[Work instructions]: Your copy should hold only the lines from the one holding "this 1500×1004 image." through the last line of the records below, both included, each exact and with no pictures.

====

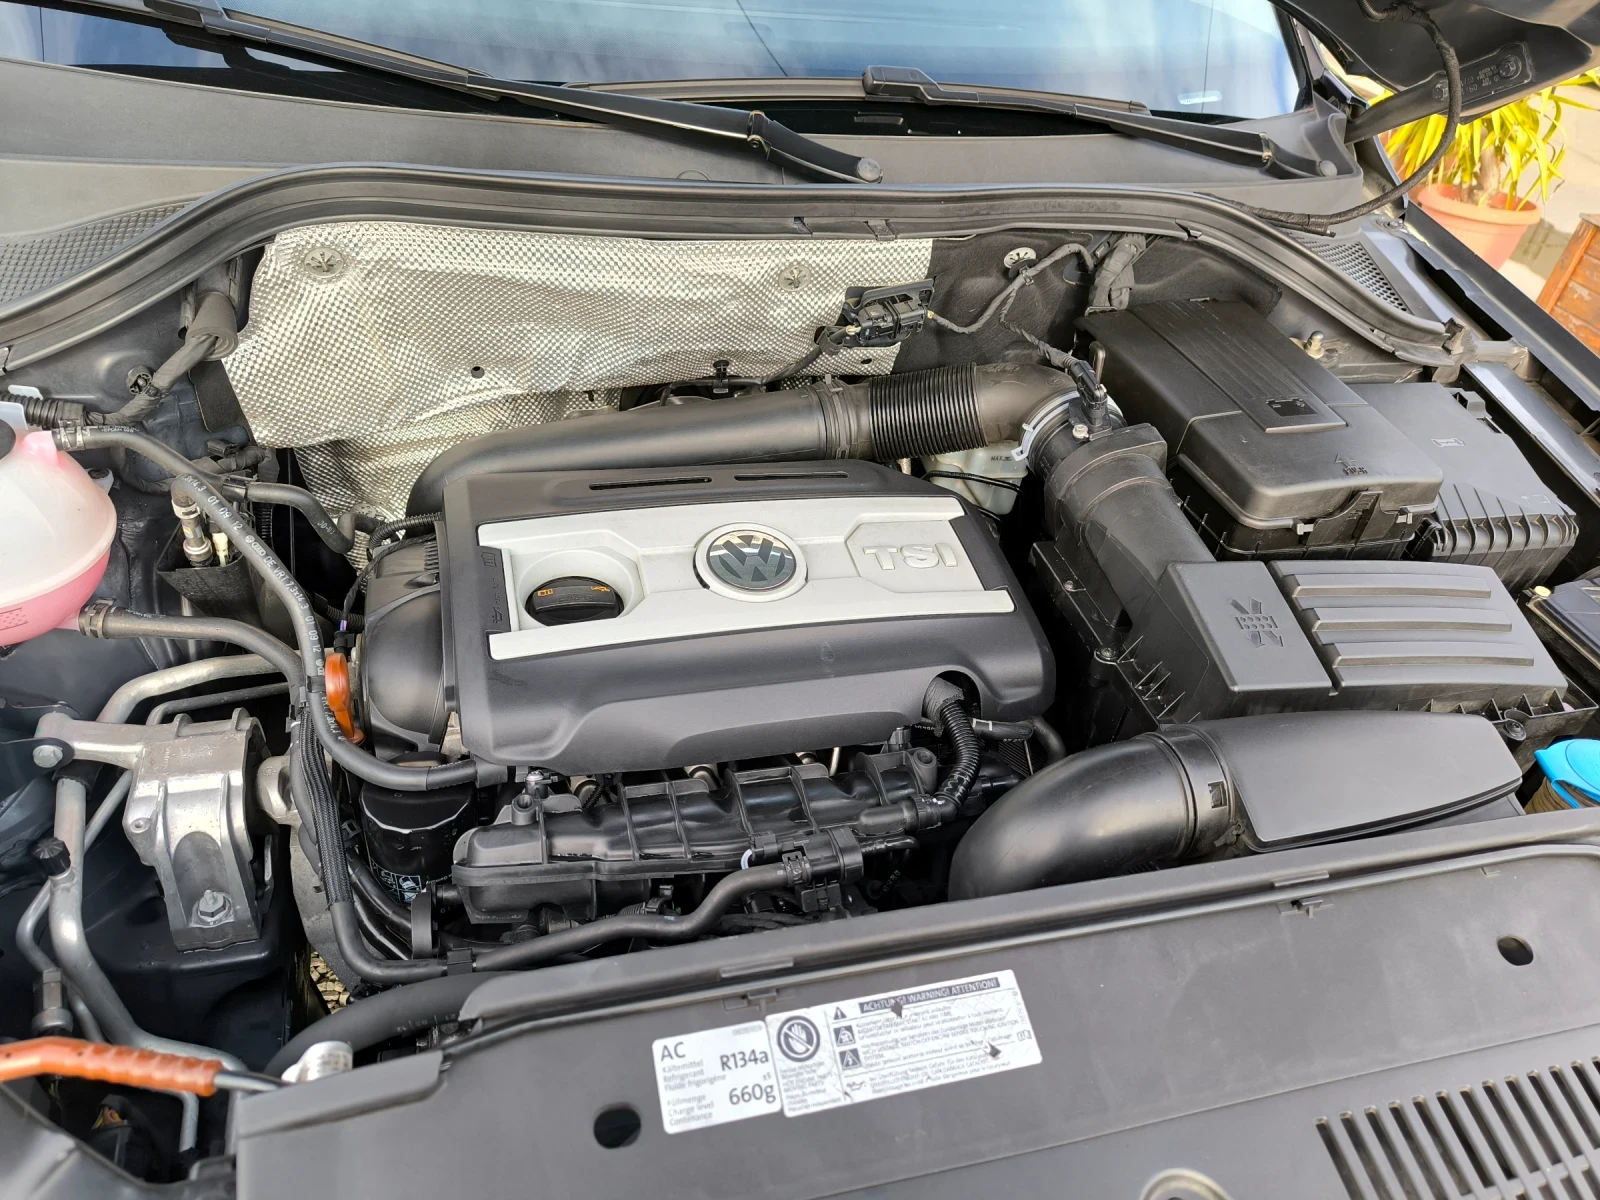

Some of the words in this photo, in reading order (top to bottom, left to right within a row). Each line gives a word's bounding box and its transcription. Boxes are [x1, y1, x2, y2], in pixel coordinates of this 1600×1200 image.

[863, 543, 958, 570] TSI
[907, 988, 950, 1003] WARNING!
[951, 978, 998, 995] ATTENTION!
[660, 1041, 686, 1062] AC
[719, 1049, 769, 1071] R134a
[663, 1069, 705, 1084] Refrigerant
[728, 1083, 777, 1105] 660g
[696, 1101, 715, 1110] level
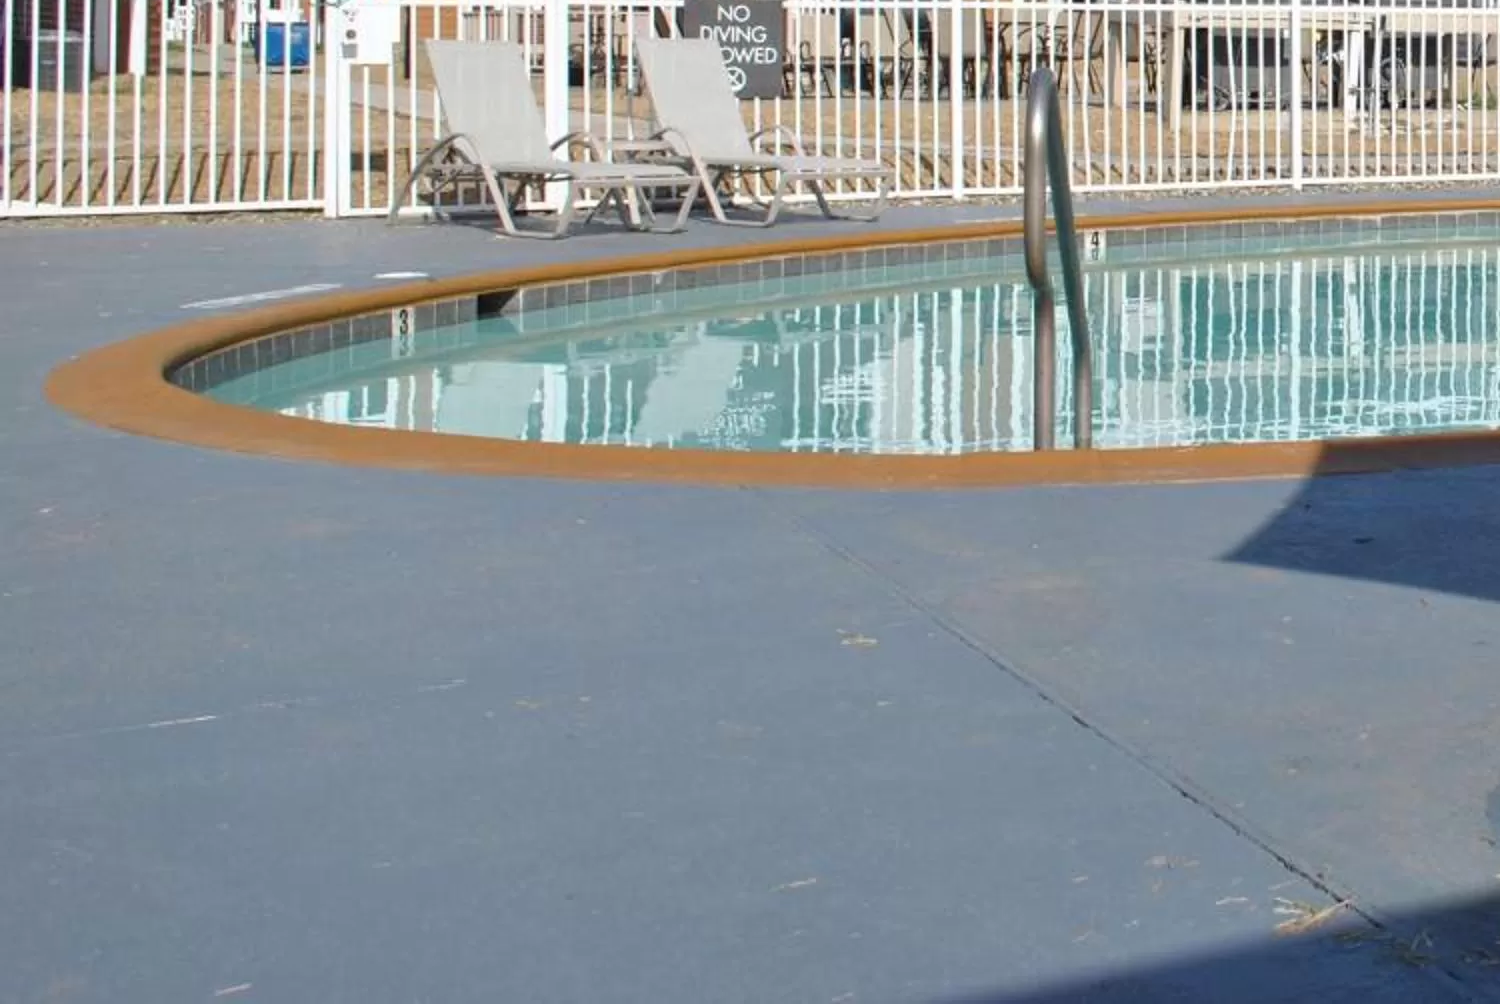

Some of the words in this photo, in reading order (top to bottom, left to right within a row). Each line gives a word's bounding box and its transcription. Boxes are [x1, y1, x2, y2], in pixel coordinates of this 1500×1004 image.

[717, 4, 751, 23] NO
[700, 25, 768, 43] DIVING
[720, 46, 777, 65] OWED
[1091, 231, 1100, 247] 4
[399, 308, 410, 335] 3
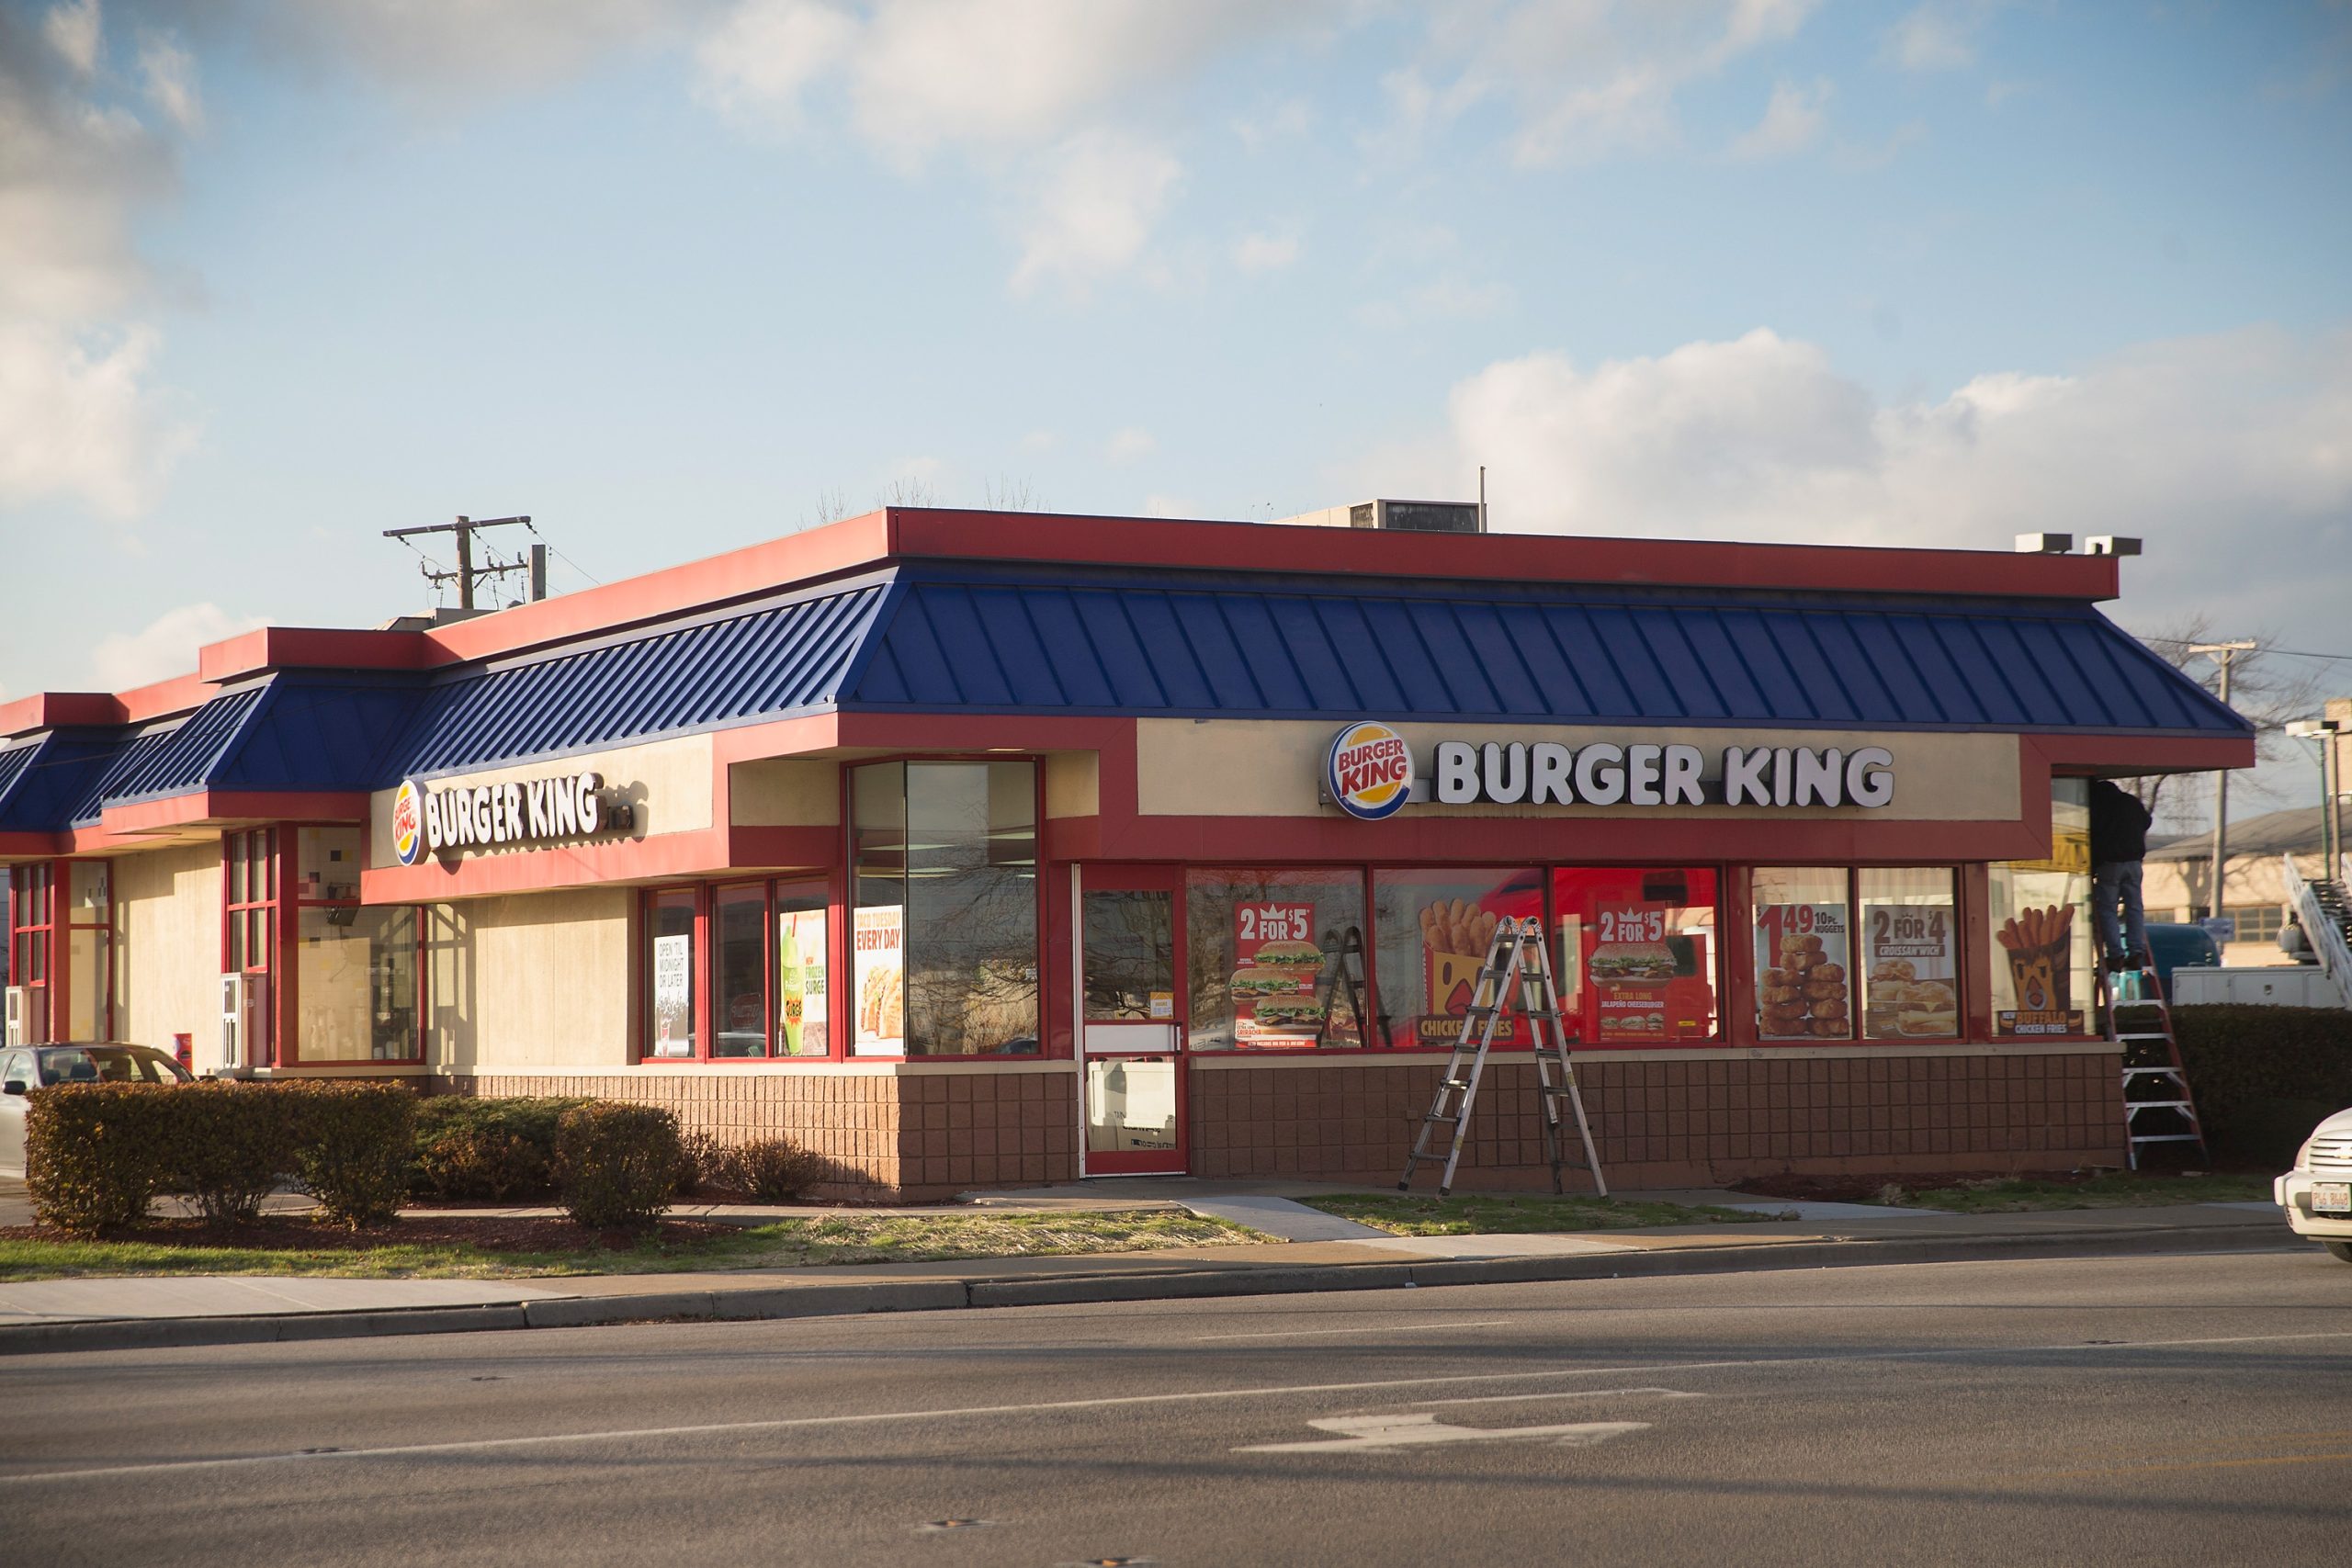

====

[Response to the task]:
Some of the words in this photo, in reading order (top to bottom, left to right within a row). Each line gives a word's bounding box and its transcription. Boxes are [x1, y1, x2, y2], in pixel coordinates of this 1500×1004 image.

[717, 4, 751, 23] NO
[700, 25, 768, 43] DIVING
[720, 46, 777, 65] OWED
[1091, 231, 1100, 247] 4
[399, 308, 410, 335] 3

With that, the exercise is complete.